No but it might look more attractive if her market is one where many are furloughed or made redundant.

Teaching is a solid option in terms of employability. As this goes down elsewhere, this becomes more valued.

This will be a good thing for teaching and teachers, though. Not a bough to beat us with.
labyrinthloafer · 09/08/2020 15:50

@commentatorz

You don't know if schools will stay open or not. You aren't a scientist, and the science currently has a consensus that schools will be able to open and keep the "R" number low enough provided other activities are curtailed. Expect to hear more in this as we get toward September.
This is incorrect.

There is considerable concern that UK schools reopening will result in a spike bigger than we experienced earlier this year because we do not have the testing or tracing in place to respond to the inevitable increase in transmission.

Secondary schools with no distancing is a really big gamble.

LaurieMarlow · 09/08/2020 15:51

This will be a good thing for teaching and teachers, though.

I agree 100%

SecretSpAD · 09/08/2020 15:52

Many people losing their jobs are professionals. People like accountants, lawyers, financial specialists, engineers, the real STEM specialists. They aren't going to need years of training like some snotty nosed 18 year old who has decided to become a teacher because they've been awarded 2 C's at A level and can't get a proper profession

I have a medical degree, a masters in public health and a PhD also in public health.

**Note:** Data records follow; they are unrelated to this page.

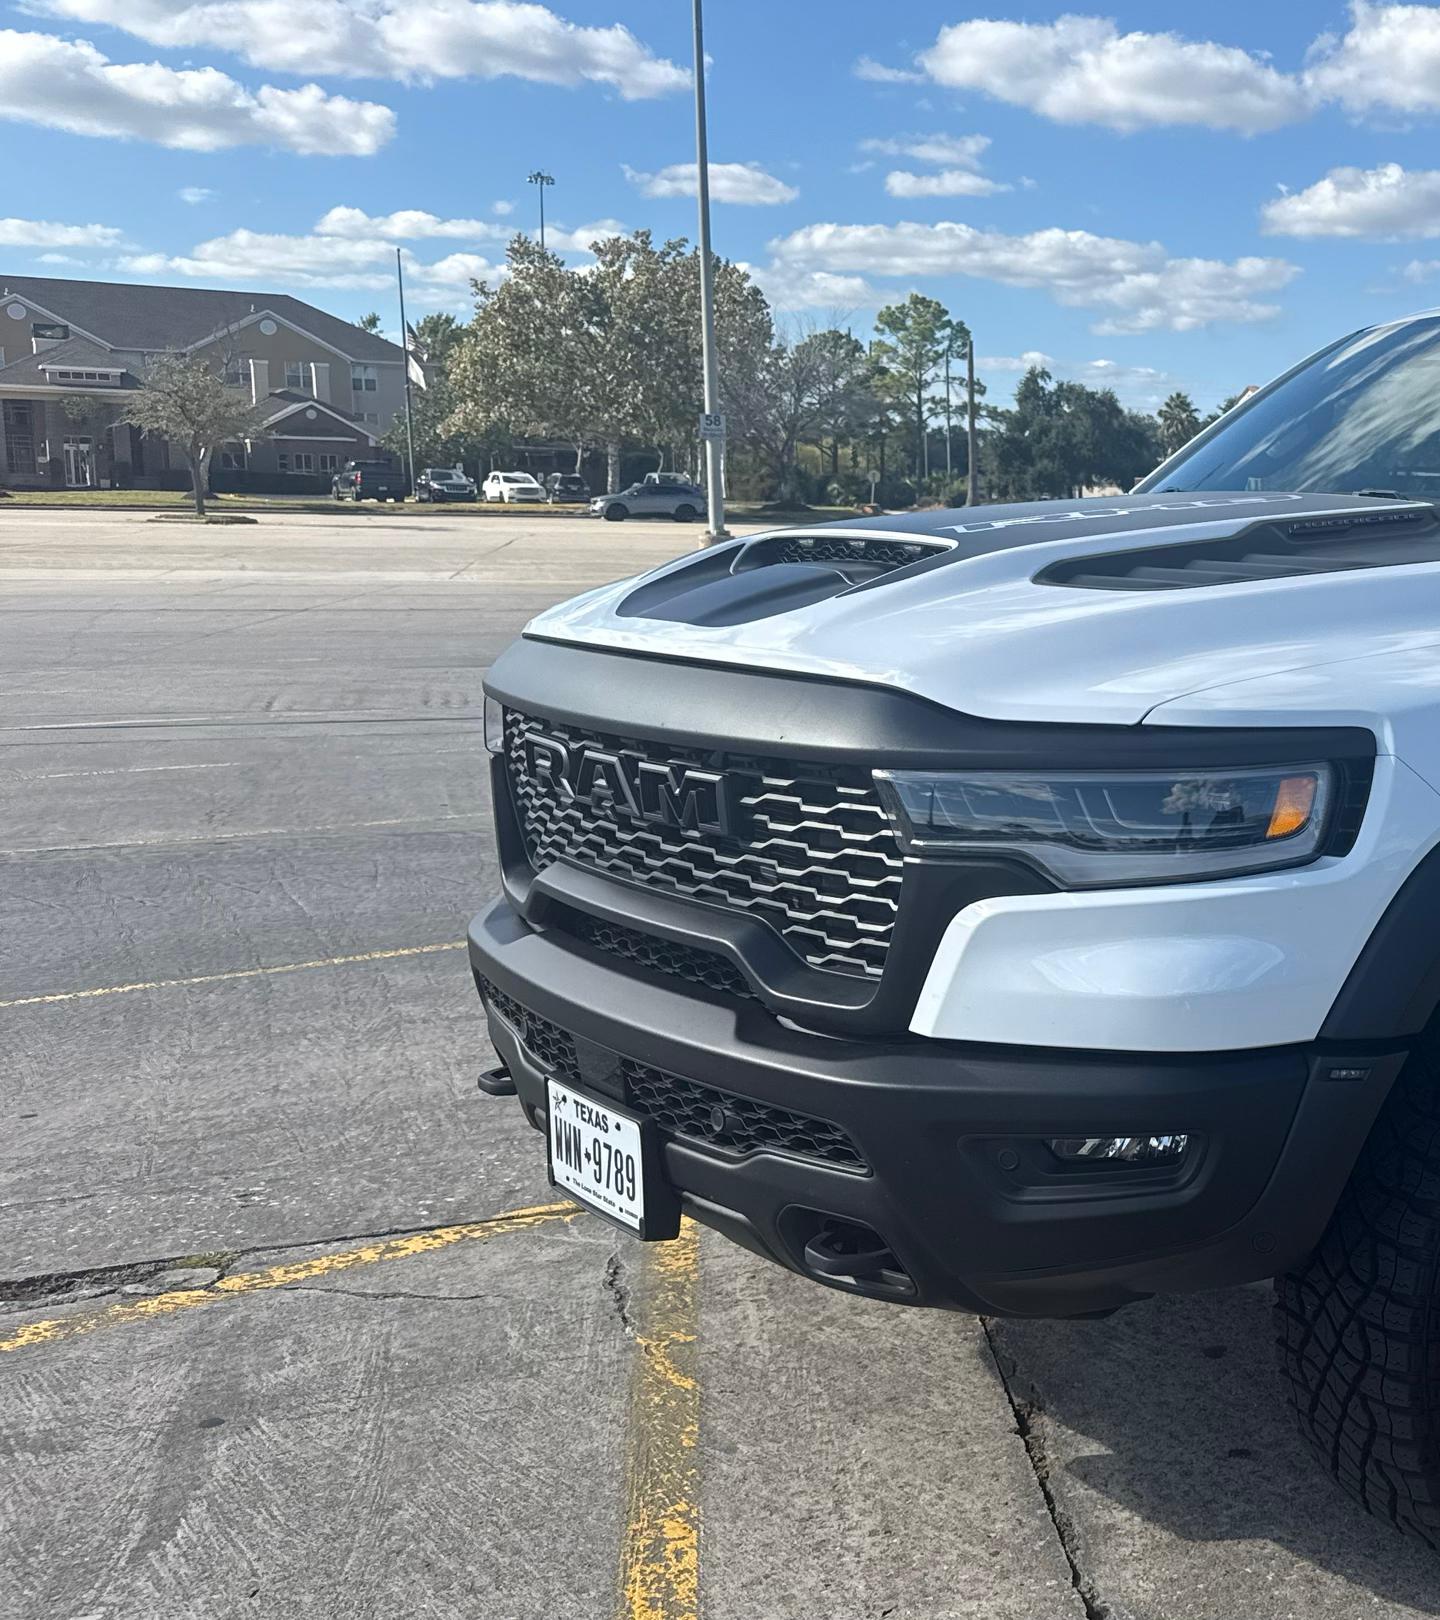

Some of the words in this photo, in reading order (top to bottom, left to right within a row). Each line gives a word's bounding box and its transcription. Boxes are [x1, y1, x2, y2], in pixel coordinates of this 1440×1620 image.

[705, 415, 721, 426] 58
[524, 731, 729, 837] RAM
[573, 1099, 609, 1134] TEXAS
[572, 1177, 581, 1188] The
[581, 1183, 592, 1194] Lone
[592, 1189, 602, 1200] Star
[603, 1195, 616, 1208] State
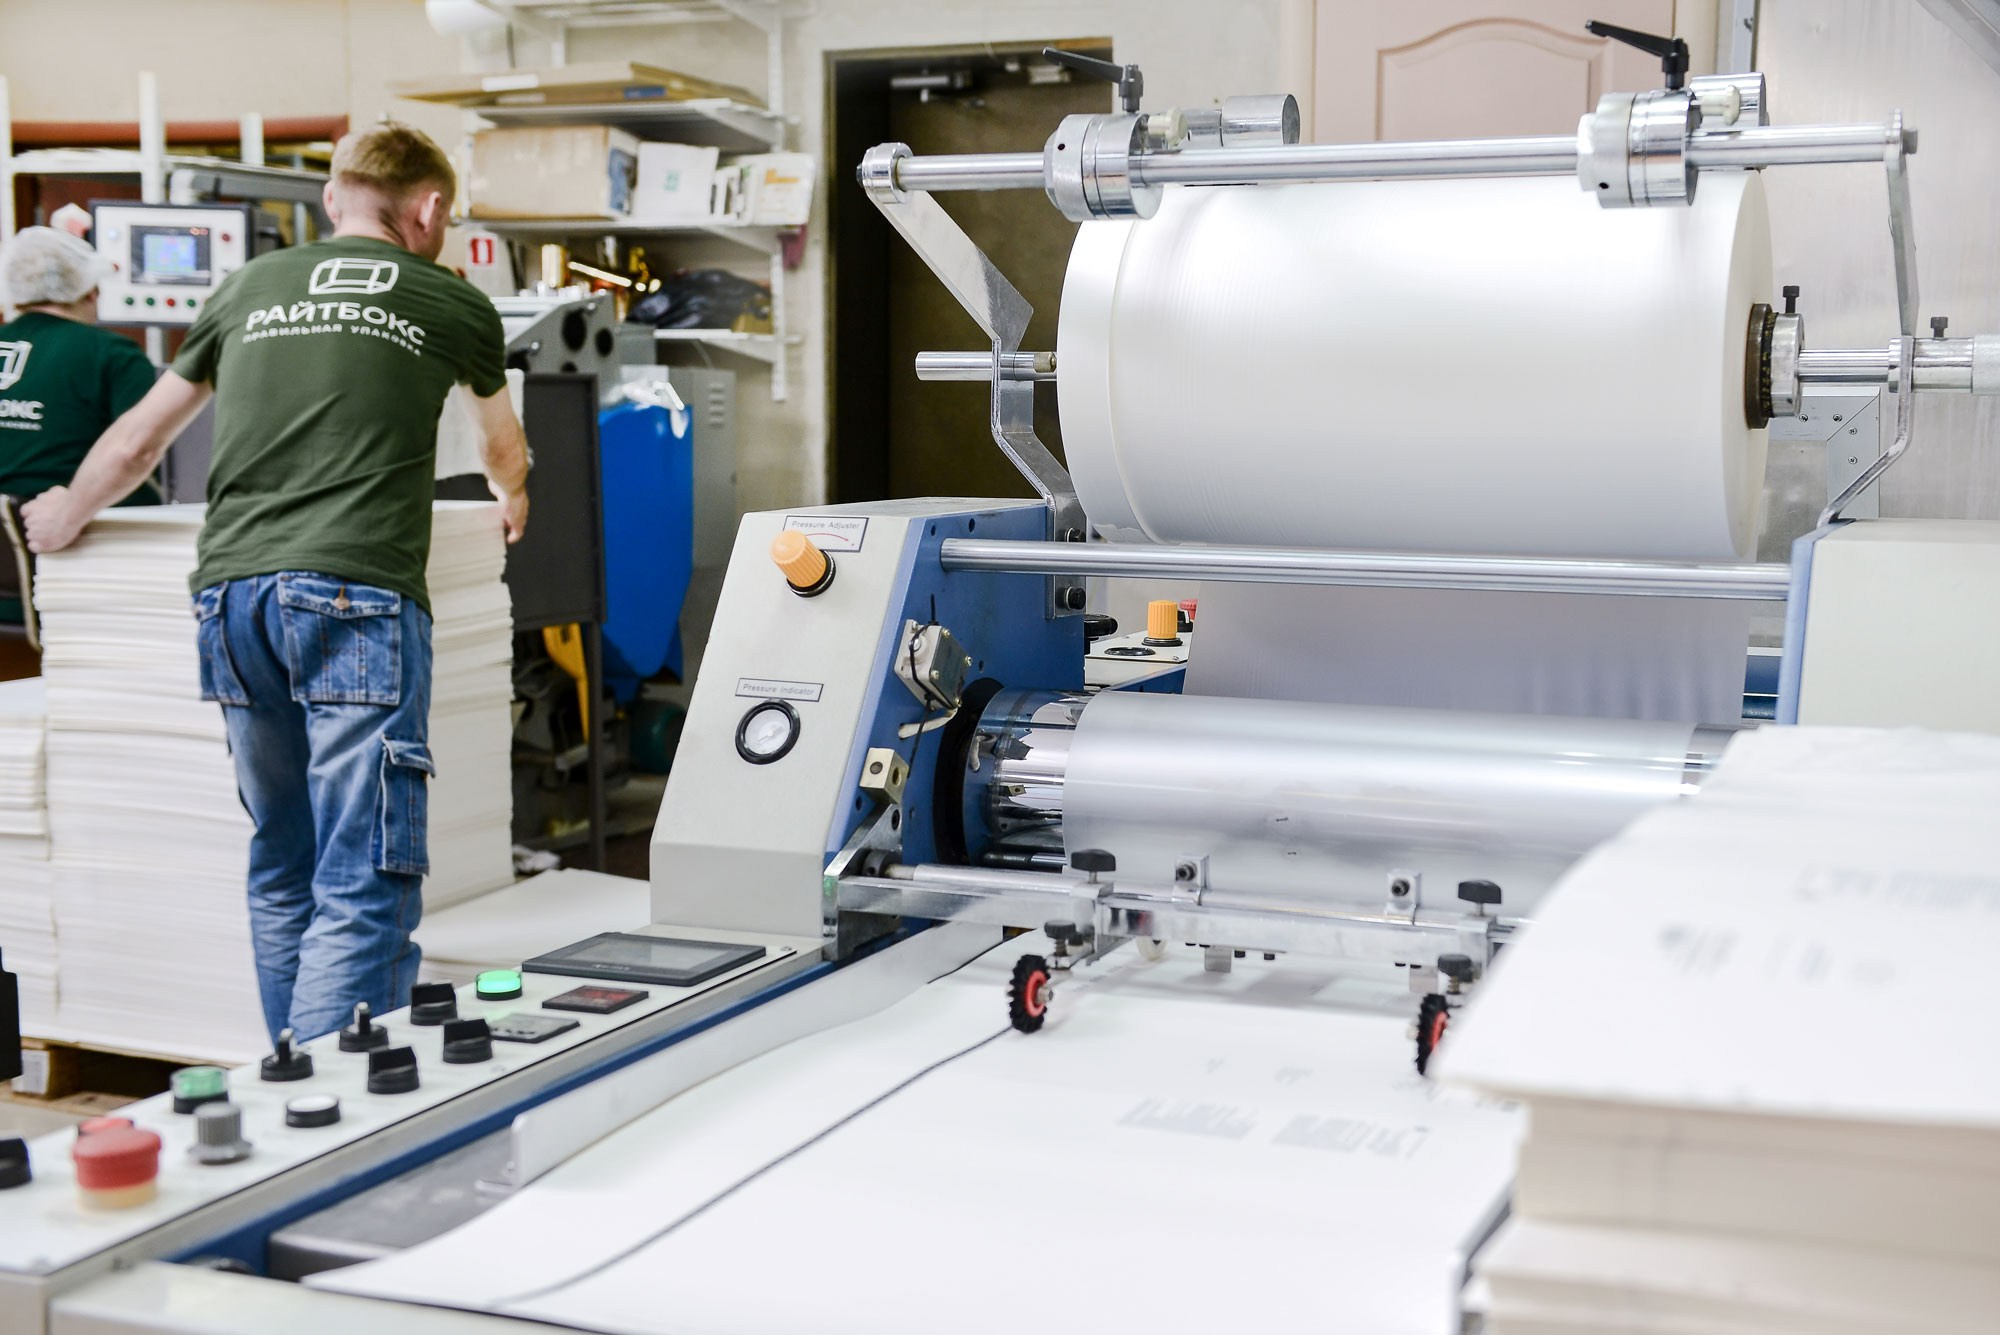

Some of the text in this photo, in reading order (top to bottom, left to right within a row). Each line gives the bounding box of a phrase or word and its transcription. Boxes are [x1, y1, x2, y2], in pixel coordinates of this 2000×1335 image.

[245, 300, 426, 345] РАЙТБОКС
[792, 520, 860, 530] Pressure Adjuster
[743, 684, 777, 693] Pressure

I also have plenty of life experience.

The one time I did a workshop in a school I was eaten alive.

I'm guessing you're one of "those parents" eh? Put your money where your mouth is and look forward to seeing you in the classroom.

NeverForgetYourDreams · 09/08/2020 15:52

I'm sure all the supermarket workers who worked all through lockdown didn't particularly want to be exposed either but they were. I'm afraid you need to get back to work so our children can learn. I can't be home schooling my child and working full time until the virus blows out or a vaccine is available.

labyrinthloafer · 09/08/2020 15:53

On the jobs front, can't tell if parents posting are excited at the prospect of their kids being taught by people who are only teachers because they have no better options due to global recession??

BadTattoosAndSmellLikeBooze · 09/08/2020 15:53

I really feel for teachers, especially ones like you that feel scared. To have to be in contact with so many other people with no PPE is madness.
I think masks would be a good idea in schools, it doesn’t make sense not to have them when they’re mandatory in so many other places where there’s fewer people.

labyrinthloafer · 09/08/2020 15:55

@NeverForgetYourDreams

I'm sure all the supermarket workers who worked all through lockdown didn't particularly want to be exposed either but they were. I'm afraid you need to get back to work so our children can learn. I can't be home schooling my child and working full time until the virus blows out or a vaccine is available.
Are you not at all concerned about the virus coming home to you? I honestly don't understand why some people are confident they have unsusceptible lungs!
nellodee · 09/08/2020 15:55

@canigooutyet 35 pupils? I can't process that.